Housing Market Dynamics
Friday, Jan. 5, 2024 8:00 AM - 10:00 AM (CST)
- Chair: Carlos Hurtado, University of Richmond
Investors in Housing Markets: Comparing Two Booms
AbstractWe conduct a large-scale data analysis to compare housing investors in the periods before and after the Global Financial Crisis (GFC). Post-GFC investors differ from pre-GFC investors in several key ways: They are less likely to use leverage, are residents in wealthier and more educated areas, and are more sophisticated. They have a buy-and-hold strategy, are less likely to sell in response to capital gains and more likely to hold properties longer in response to rental yields. These differences have implications for market liquidity and monetary policy transmission sensitivity. Moreover, post-GFC investors are less susceptible to behavioral biases.
Housing Market and Capitalization of Information: Case of Land Leases
AbstractWe study how the announced future land rent increases capitalize into leasehold apartment prices. We investigate a case, where the City of Helsinki, Finland, announced over 15-fold rent increases for the ground lease contracts on residential land that were expiring in the near future. Our empirical strategy is based on a difference-in-differences design where we compare transactions of the leasehold units with those of near-identical freehold apartments. We find that before the first rent increase episode homebuyers were inattentive to their expected long-run housing expenses, which resulted in significant overpricing of leasehold apartments relative to corresponding freehold units. The results further suggest that housing market participants react on announced contract renewals and appear to learn the importance of the ground ownership feature when they are exposed to more and more information regarding rental contract updates.
An Index of Local Zoning: How Does It Correlate with House Prices?

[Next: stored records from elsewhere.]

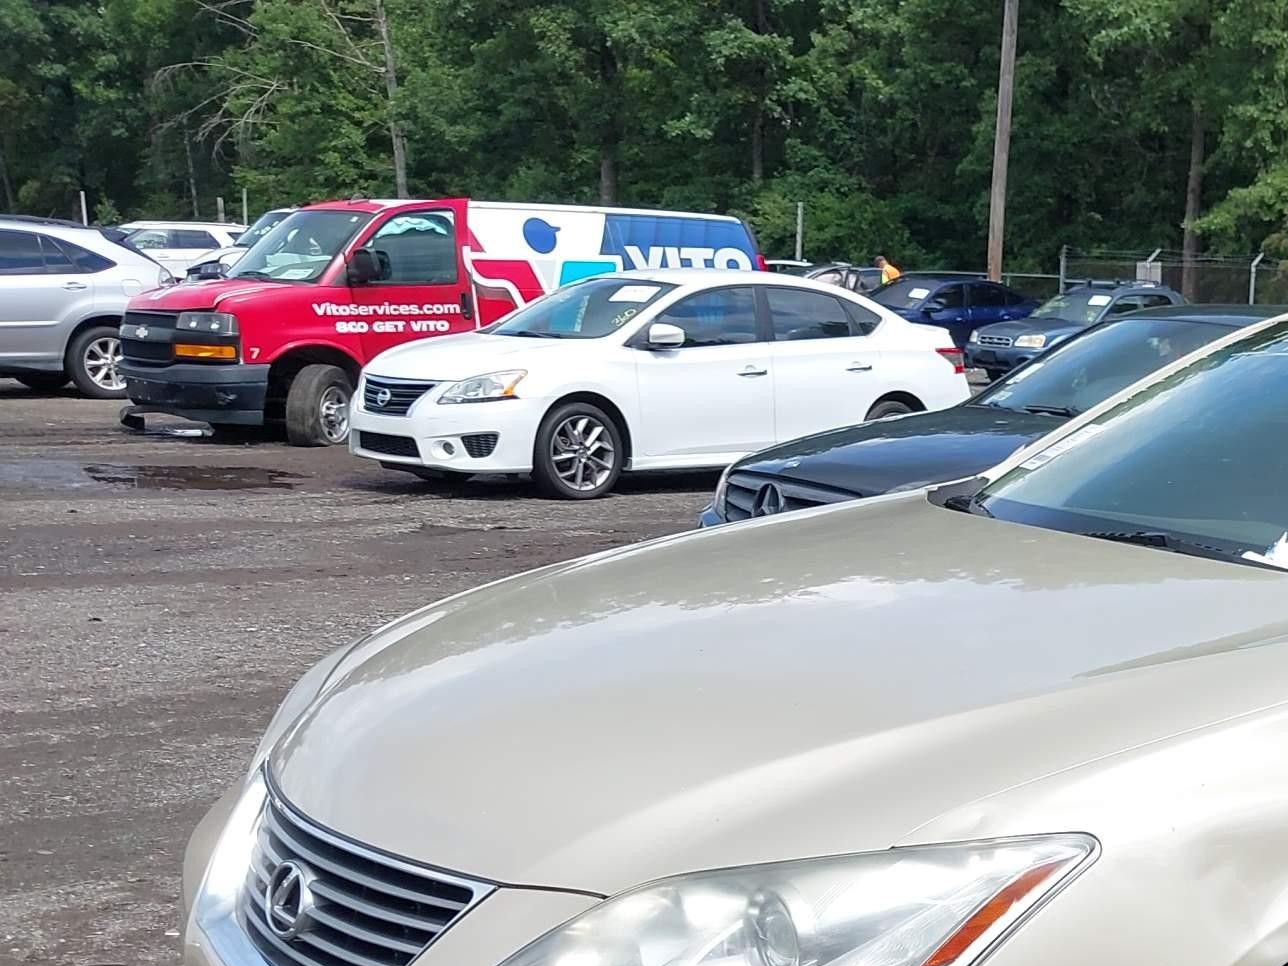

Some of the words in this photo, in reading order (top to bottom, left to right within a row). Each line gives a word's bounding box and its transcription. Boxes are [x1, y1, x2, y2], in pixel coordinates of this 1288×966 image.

[624, 246, 753, 271] VITO
[312, 301, 461, 316] VitoServices.com
[373, 320, 406, 333] GET
[410, 320, 450, 332] VITO
[249, 347, 260, 360] 7
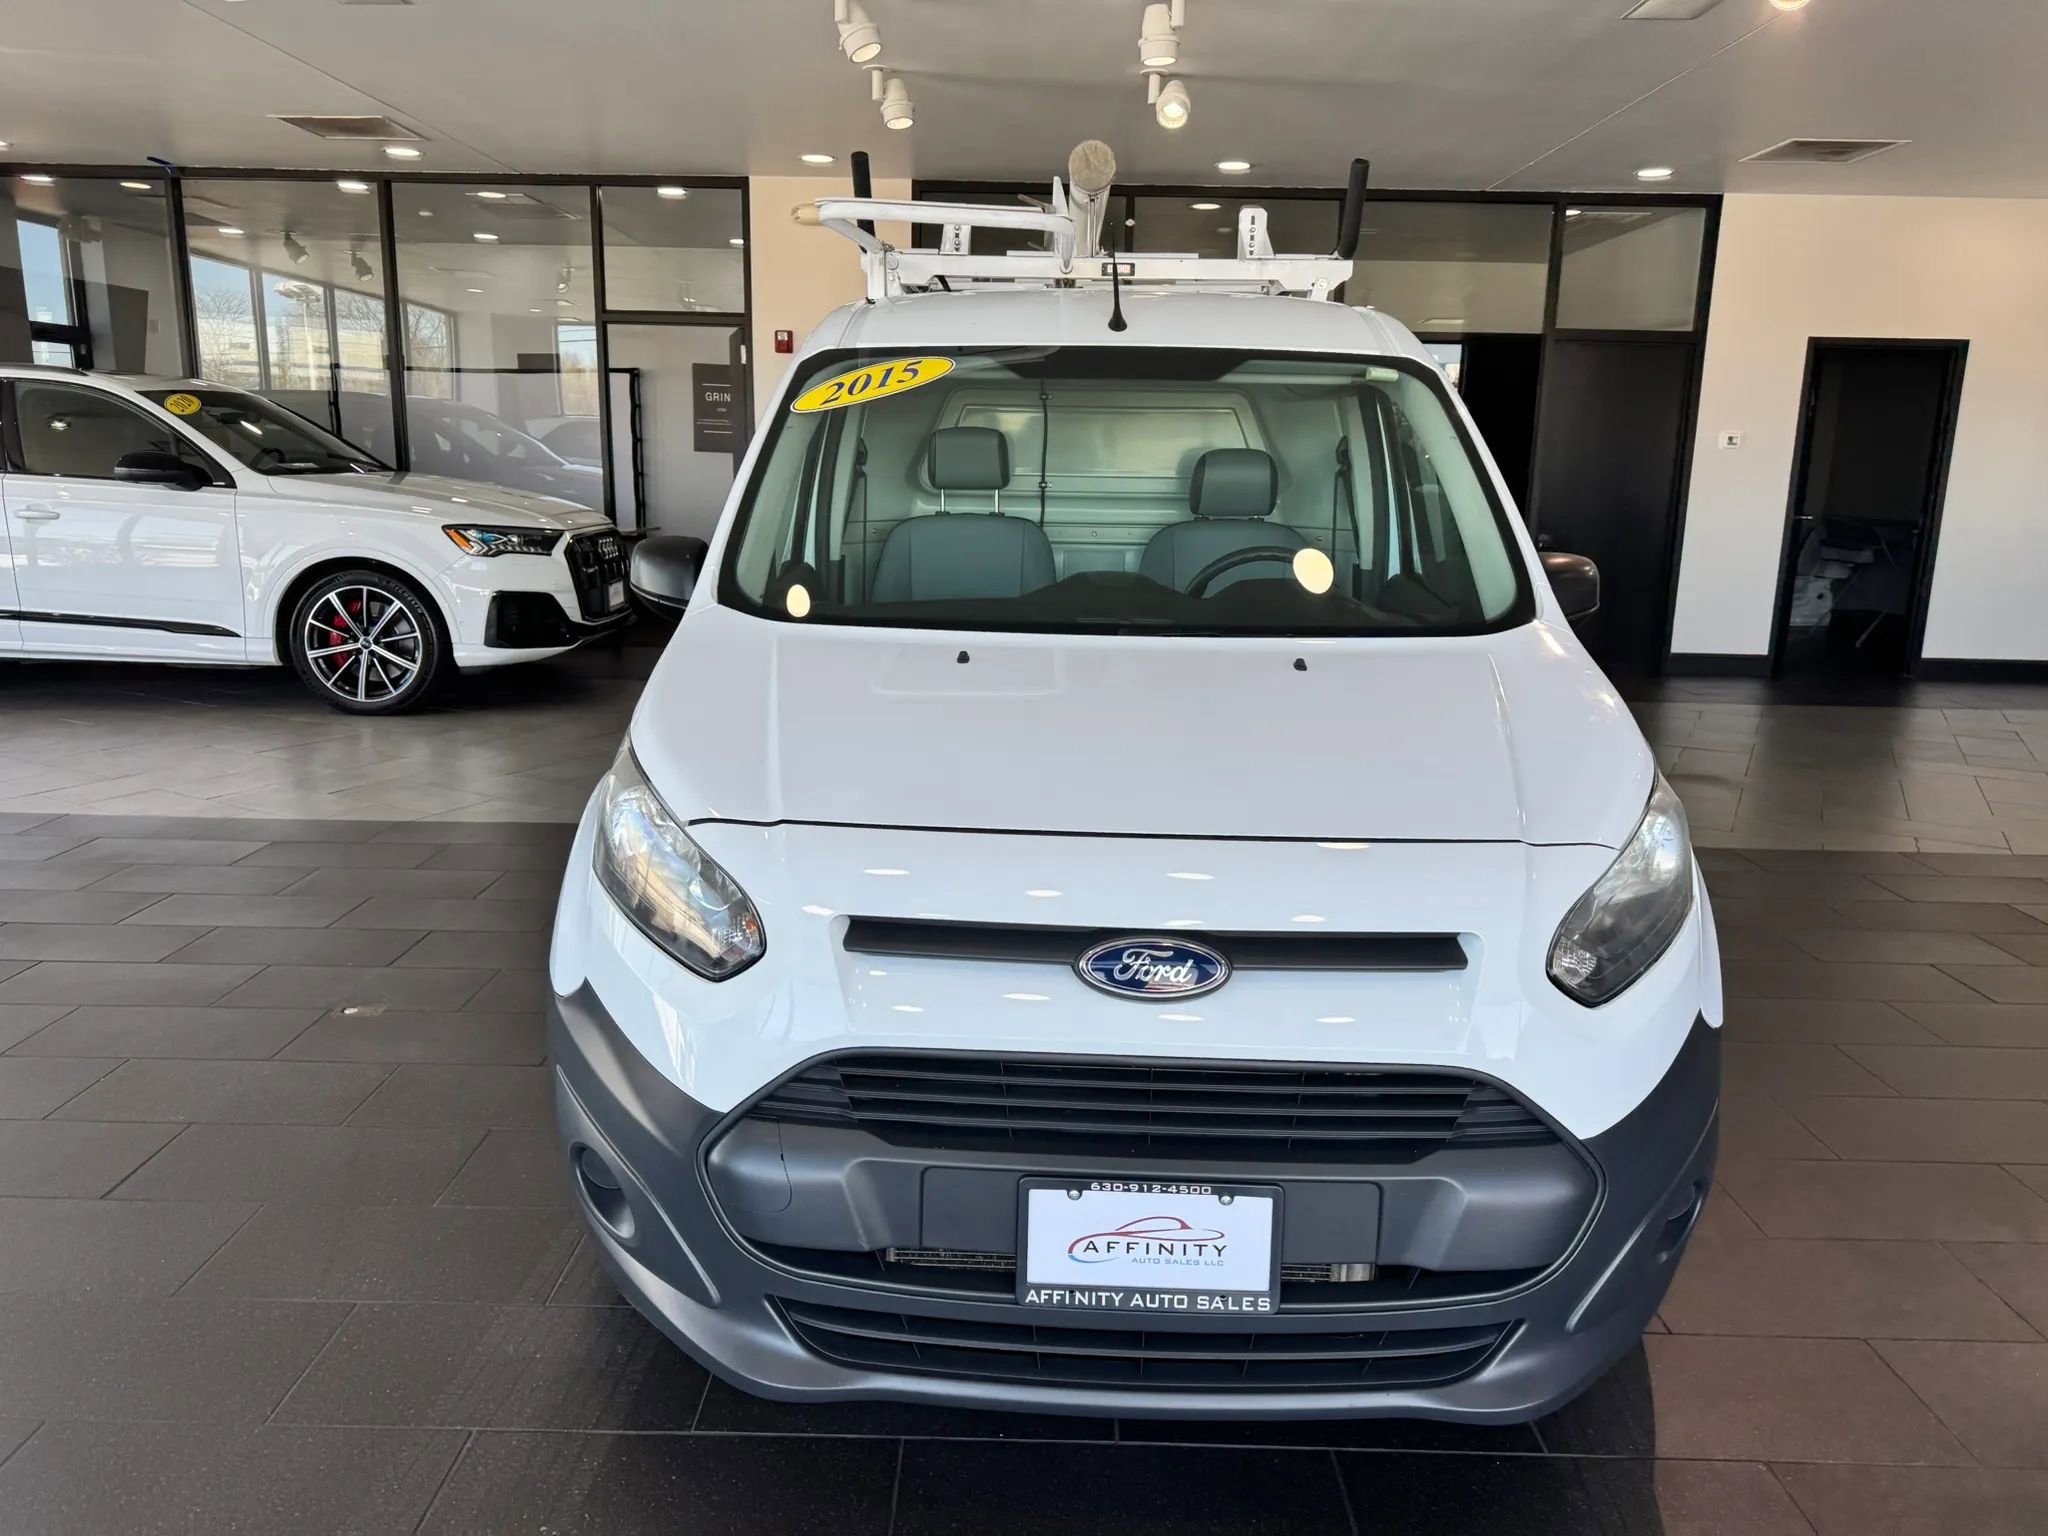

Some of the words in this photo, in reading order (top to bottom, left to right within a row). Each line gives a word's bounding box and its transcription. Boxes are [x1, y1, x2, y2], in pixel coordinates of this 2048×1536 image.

AbstractThe regulation of land use through zoning in the United States is a complex matter, as it is the responsibility of numerous local authorities, including municipalities and counties. Consequently, there exists considerable variation in zoning ordinances from one jurisdiction to another, making it challenging to assess the impacts of zoning on a large scale. While the literature recognizes the importance of zoning in land use regulation, prior studies have either been geographically restricted or relied on surveys of administrators to obtain information about zoning ordinances. This paper introduces a novel land use restrictiveness index that provides local-level estimates of the number of housing units allowed per acre under municipal zoning ordinances in census block groups. We demonstrate that zoning has a more pronounced effect on house prices in the upper end of the price distribution across different states, and we provide estimates of the price elasticity of restrictiveness by state and by percentile of state-level price distributions.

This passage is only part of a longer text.